Cela étant dit, il y a de la discrimination partout où vous allez. Une chose que j’ai apprise, en particulier en vivant à l’étranger ces dernières années et en ayant dû m’adapter à différentes cultures et m’assimiler à différentes cultures, c’est qu’aux États-Unis, nous continuons à progresser chaque jour.

En grandissant pour moi, j’ai grandi dans une famille blanche avec évidemment un héritage et des antécédents afro-américains. J’avais donc un peu de cultures différentes et j’étais très, très facilement capable de m’assimiler à différentes cultures. Tout le monde n’a pas cela, cette facilité et la capacité de le faire, et évidemment cela prend plus de temps pour que certains comprennent. Grâce à l’éducation, je pense que c’est super important – comme vous venez de m’éduquer maintenant sur la prononciation de votre pays. C’est un processus. Je pense que tant que vous voyez des progrès, c’est la chose la plus importante.

Adams, qui a une mère blanche et un père biologique noir mais a grandi dans une famille blanche, a une expérience distincte de celle de la plupart des Noirs américains. En conséquence, sa réponse à la question du journaliste iranien pourrait avoir une forme différente de celle d’un autre Noir américain – ou même d’un autre de ses coéquipiers noirs avec une éducation différente – aurait pu l’être. Cela ne rend pas son expérience moins légitime ; La noirceur est et a toujours été hétérogène.
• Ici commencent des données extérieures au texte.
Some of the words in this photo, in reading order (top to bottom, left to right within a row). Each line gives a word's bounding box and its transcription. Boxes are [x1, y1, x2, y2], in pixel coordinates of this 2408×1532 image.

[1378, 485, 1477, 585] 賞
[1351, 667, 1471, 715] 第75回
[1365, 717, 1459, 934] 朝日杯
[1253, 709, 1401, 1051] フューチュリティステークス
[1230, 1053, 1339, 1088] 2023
Les joueurs noirs de cette équipe américaine reflètent cette diversité : Tim Weah est né à Brooklyn d’une mère jamaïcaine et d’un père qui est actuellement président du Libéria ; Yunus Musah est né à New York de parents ghanéens et a grandi en Italie et en Angleterre ; Kellyn Acosta est né et a grandi au Texas, et sa grand-mère paternelle est japonaise ; Sean Johnson est né en Géorgie de parents jamaïcains ; Sergiño Dest est né aux Pays-Bas d’une mère néerlandaise et d’un père américain surinamais; Jedi Robinson est né et a grandi en Angleterre mais a un père américain de White Plains, New York ; Shaq Moore est né en Géorgie et a déménagé en Espagne à l’âge de 18 ans. Weston McKennie a grandi au Texas mais avait un père dans l’armée de l’air et a passé certaines de ses premières années en Allemagne ; Cameron Carter-Vickers a grandi en Angleterre, fils d’un homme de Louisiane qui jouait au basket-ball professionnel, et sa mère est originaire d’Essex ; Haji Wright est né à Los Angeles de parents d’origine libérienne et ghanéenne; DeAndre Yedlin est né à Seattle et a été élevé par une mère juive.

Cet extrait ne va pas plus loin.